(Beginning of EXTRACTED INFORMATION)

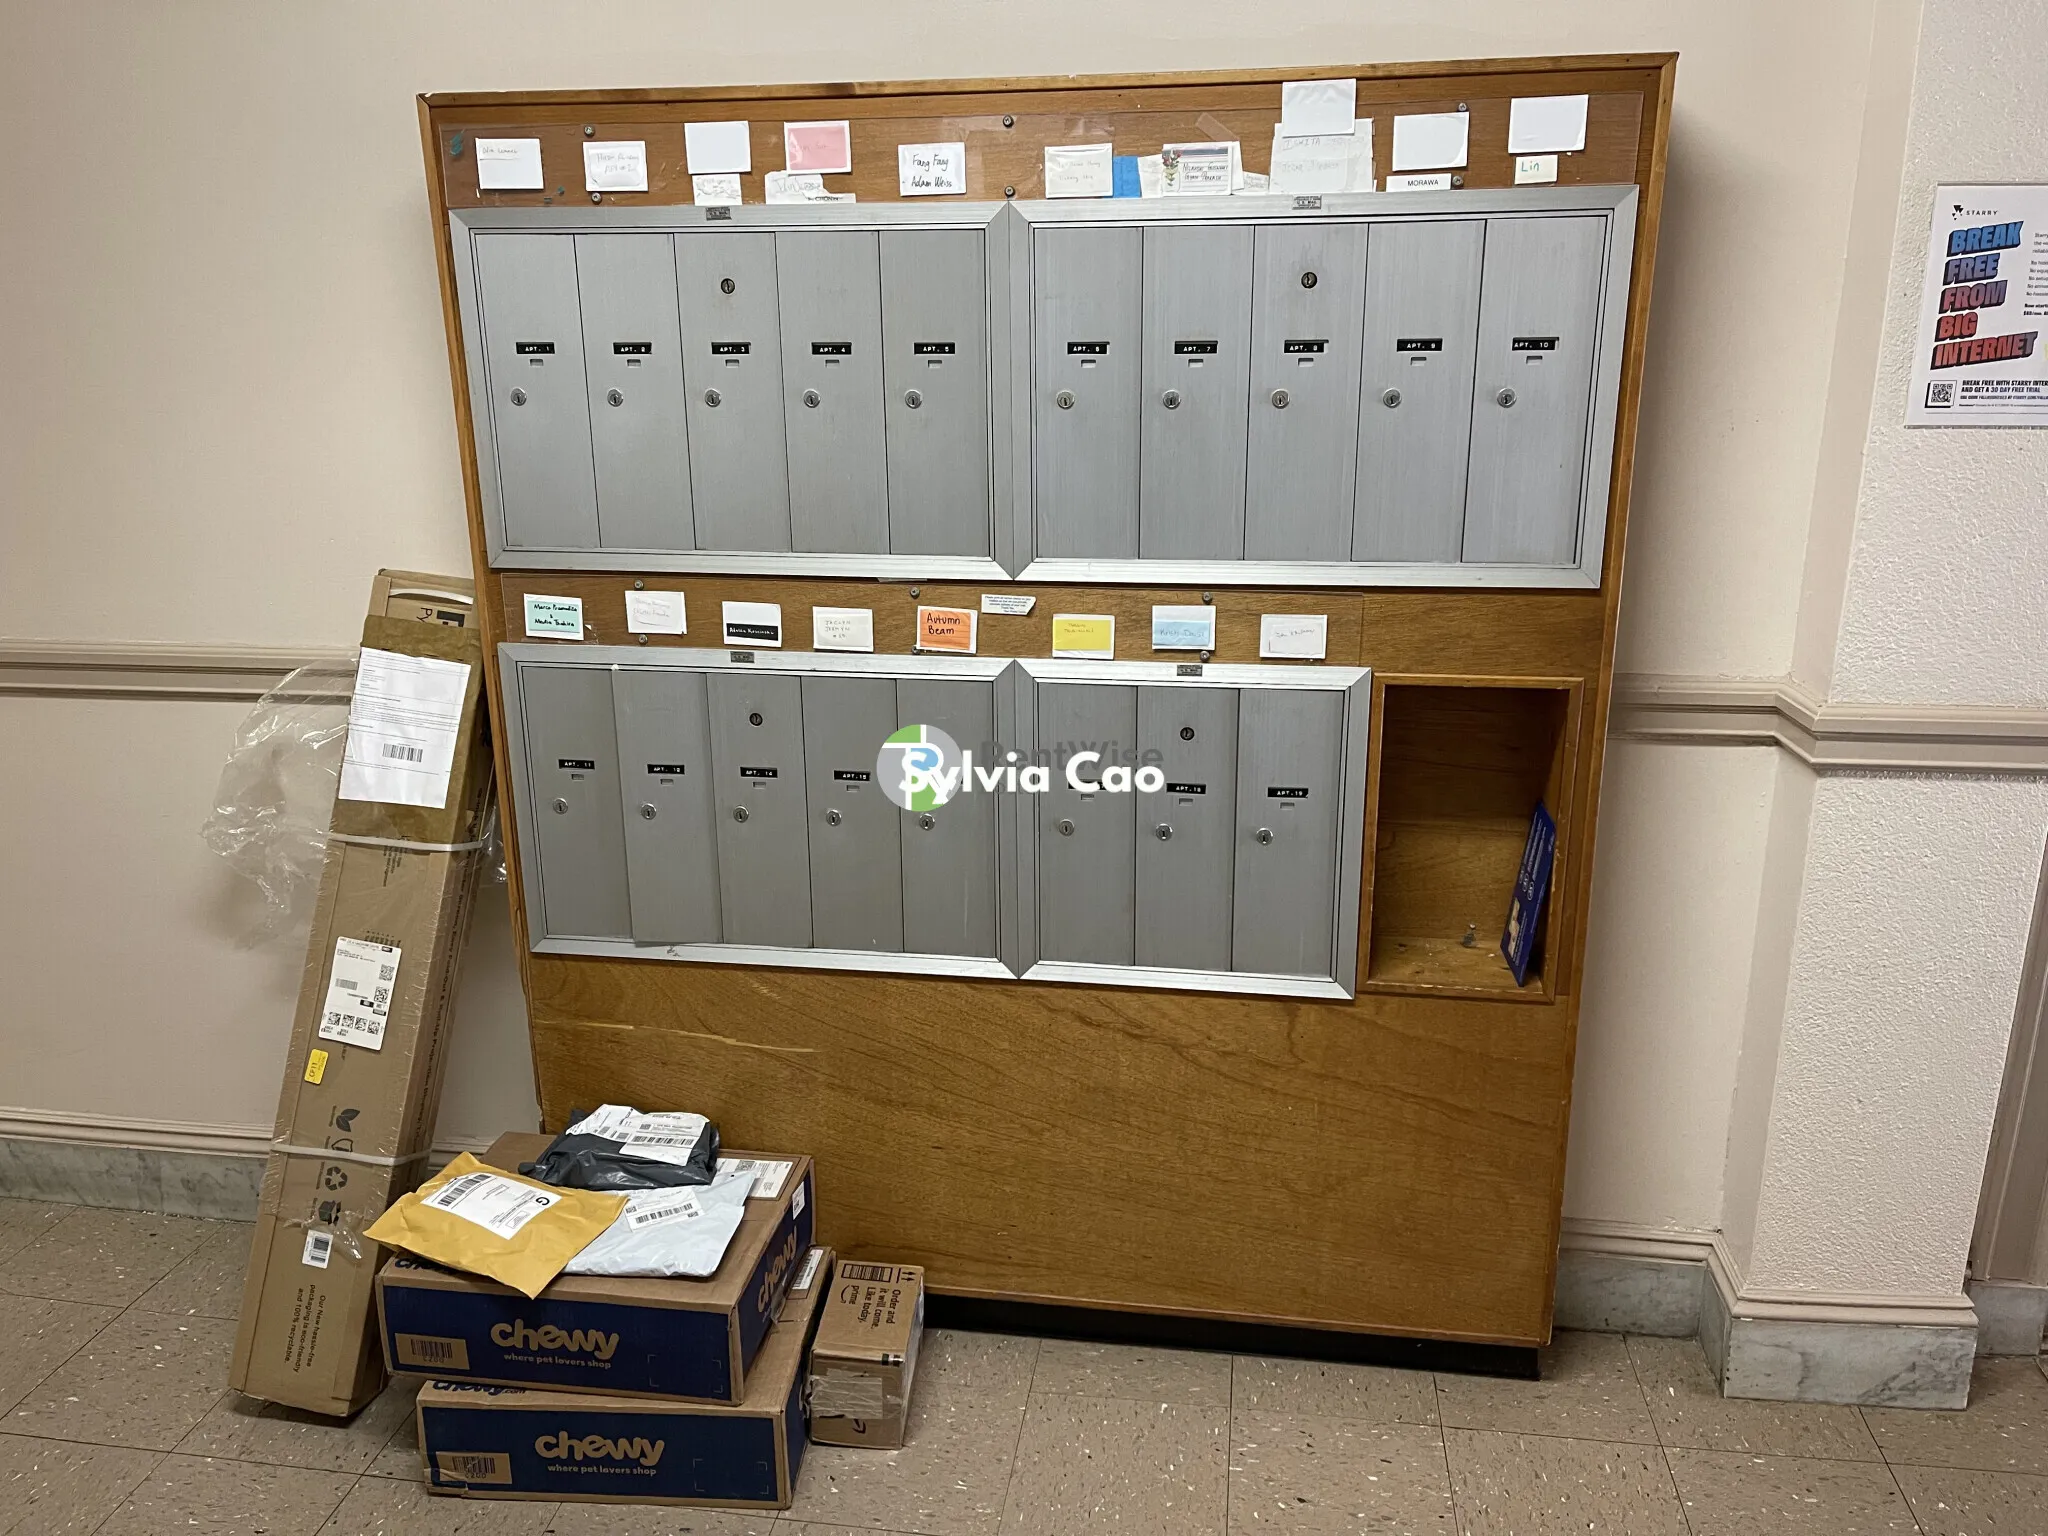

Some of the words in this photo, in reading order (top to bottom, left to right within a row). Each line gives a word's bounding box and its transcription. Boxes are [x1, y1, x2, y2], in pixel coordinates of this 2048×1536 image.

[933, 153, 949, 172] Fang
[1520, 161, 1540, 172] Lin
[911, 175, 932, 188] Adam
[934, 174, 953, 188] Weiss
[1407, 179, 1440, 187] MORAWA
[1947, 221, 2024, 257] BREAK
[1943, 253, 2000, 286] FREE
[1938, 280, 2008, 314] FROM
[1934, 312, 1978, 342] BIG
[1930, 331, 2038, 370] INTERNET
[926, 610, 961, 624] Autumn
[928, 624, 955, 636] Beam
[535, 1196, 550, 1206] G
[303, 1284, 316, 1321] packaging
[318, 1295, 326, 1308] Our
[849, 1284, 860, 1304] prime
[864, 1286, 876, 1301] Like
[876, 1295, 886, 1308] will
[890, 1289, 901, 1310] Order
[292, 1304, 302, 1323] 100%
[316, 1310, 324, 1326] New
[886, 1310, 896, 1324] and
[306, 1326, 320, 1367] hassle-free
[490, 1318, 620, 1360] chewy
[293, 1330, 306, 1374] eco-friendly
[504, 1352, 534, 1362] where
[536, 1356, 552, 1364] pet
[554, 1356, 586, 1367] lovers
[587, 1360, 612, 1370] shop
[534, 1430, 665, 1467] chewy
[548, 1463, 578, 1472] where
[580, 1466, 598, 1474] pet
[600, 1465, 630, 1475] lovers
[632, 1466, 657, 1476] shop
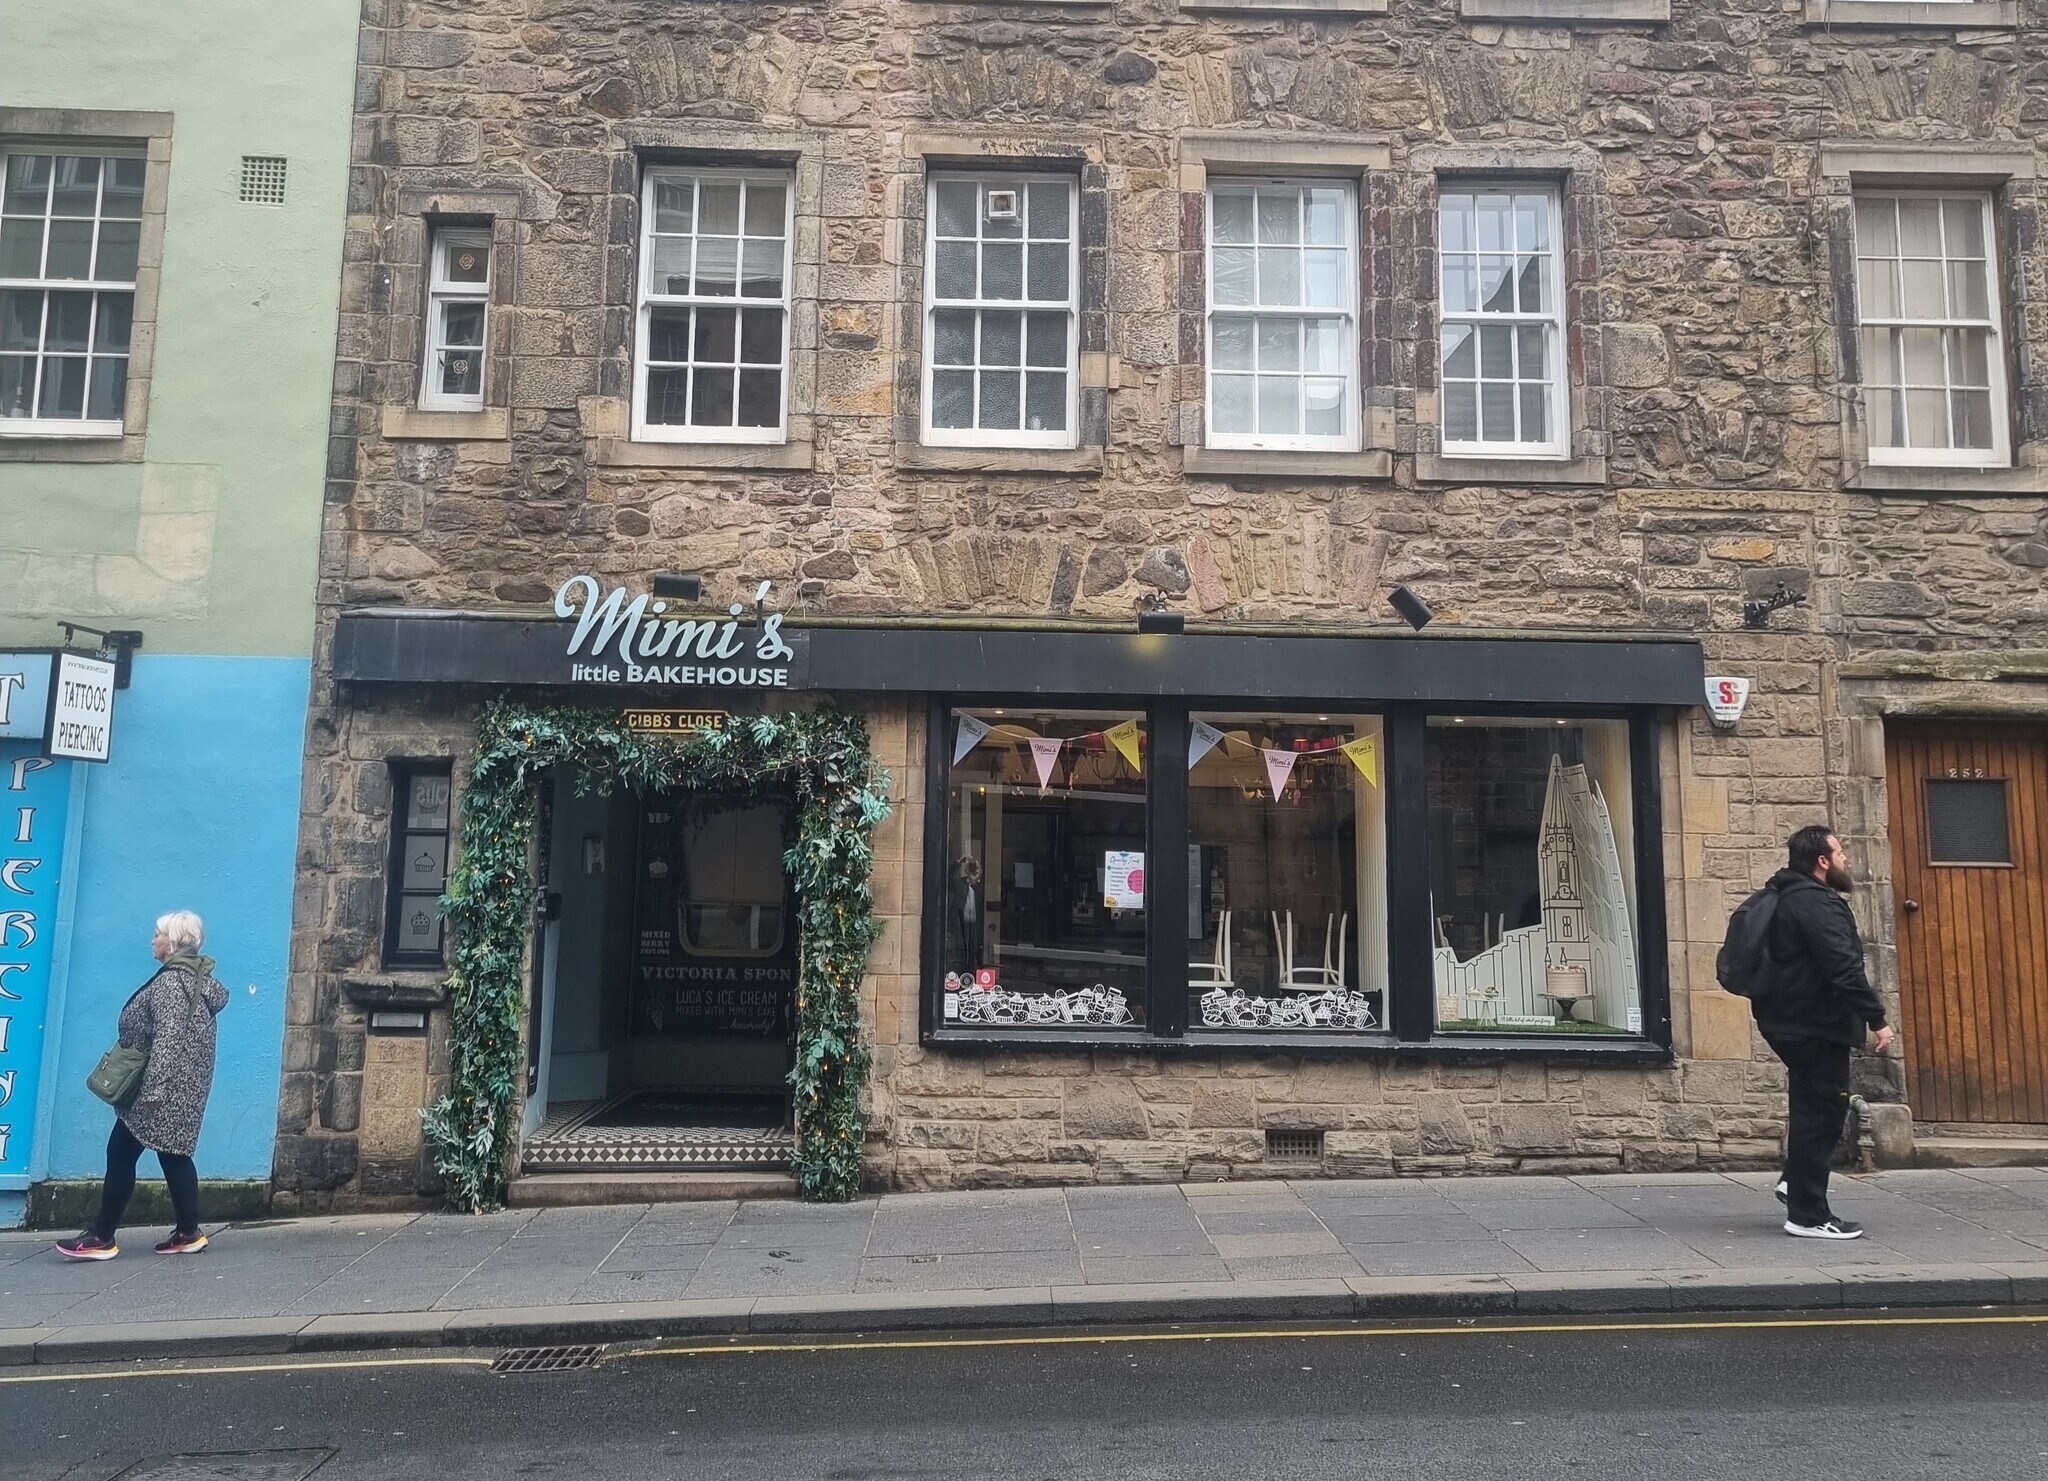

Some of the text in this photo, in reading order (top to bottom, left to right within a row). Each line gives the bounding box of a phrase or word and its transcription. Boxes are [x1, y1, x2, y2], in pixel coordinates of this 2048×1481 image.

[554, 575, 794, 665] Mimi's
[571, 664, 788, 686] little BAKEHOUSE
[64, 681, 107, 713] TATTOOS
[628, 713, 723, 728] GIBB'S CLOSE
[962, 719, 983, 736] Mimi's
[58, 721, 104, 753] PIERCING
[1112, 727, 1135, 740] Mimi's
[1196, 726, 1216, 742] Mimi's
[1034, 744, 1057, 754] Mimi's
[1350, 743, 1372, 755] Mimi's
[1268, 756, 1292, 766] Mimi's
[1949, 768, 1984, 778] 252
[641, 931, 670, 939] MIXED
[641, 940, 670, 948] BERRY
[0, 757, 55, 1162] PIERCI
[641, 967, 738, 981] VICTORIA
[676, 990, 777, 1005] LUCA'S ICE CREAM
[675, 1006, 701, 1016] MIXED
[704, 1007, 724, 1016] WITH
[757, 1007, 777, 1017] CAKE

(End of EXTRACTED INFORMATION)

* _EXERCISE PROMPT_
Pictures do not belong in the copy. Output all of the records exactly.

* _SOLVED PROBLEM_
Some of the words in this photo, in reading order (top to bottom, left to right within a row). Each line gives a word's bounding box and its transcription. Boxes are [x1, y1, x2, y2], in pixel coordinates of this 2048×1536 image.

[933, 153, 949, 172] Fang
[1520, 161, 1540, 172] Lin
[911, 175, 932, 188] Adam
[934, 174, 953, 188] Weiss
[1407, 179, 1440, 187] MORAWA
[1947, 221, 2024, 257] BREAK
[1943, 253, 2000, 286] FREE
[1938, 280, 2008, 314] FROM
[1934, 312, 1978, 342] BIG
[1930, 331, 2038, 370] INTERNET
[926, 610, 961, 624] Autumn
[928, 624, 955, 636] Beam
[535, 1196, 550, 1206] G
[303, 1284, 316, 1321] packaging
[318, 1295, 326, 1308] Our
[849, 1284, 860, 1304] prime
[864, 1286, 876, 1301] Like
[876, 1295, 886, 1308] will
[890, 1289, 901, 1310] Order
[292, 1304, 302, 1323] 100%
[316, 1310, 324, 1326] New
[886, 1310, 896, 1324] and
[306, 1326, 320, 1367] hassle-free
[490, 1318, 620, 1360] chewy
[293, 1330, 306, 1374] eco-friendly
[504, 1352, 534, 1362] where
[536, 1356, 552, 1364] pet
[554, 1356, 586, 1367] lovers
[587, 1360, 612, 1370] shop
[534, 1430, 665, 1467] chewy
[548, 1463, 578, 1472] where
[580, 1466, 598, 1474] pet
[600, 1465, 630, 1475] lovers
[632, 1466, 657, 1476] shop

Some of the text in this photo, in reading order (top to bottom, left to right within a row). Each line gives the bounding box of a phrase or word and its transcription. Boxes are [x1, y1, x2, y2], in pixel coordinates of this 2048×1481 image.

[554, 575, 794, 665] Mimi's
[571, 664, 788, 686] little BAKEHOUSE
[64, 681, 107, 713] TATTOOS
[628, 713, 723, 728] GIBB'S CLOSE
[962, 719, 983, 736] Mimi's
[58, 721, 104, 753] PIERCING
[1112, 727, 1135, 740] Mimi's
[1196, 726, 1216, 742] Mimi's
[1034, 744, 1057, 754] Mimi's
[1350, 743, 1372, 755] Mimi's
[1268, 756, 1292, 766] Mimi's
[1949, 768, 1984, 778] 252
[641, 931, 670, 939] MIXED
[641, 940, 670, 948] BERRY
[0, 757, 55, 1162] PIERCI
[641, 967, 738, 981] VICTORIA
[676, 990, 777, 1005] LUCA'S ICE CREAM
[675, 1006, 701, 1016] MIXED
[704, 1007, 724, 1016] WITH
[757, 1007, 777, 1017] CAKE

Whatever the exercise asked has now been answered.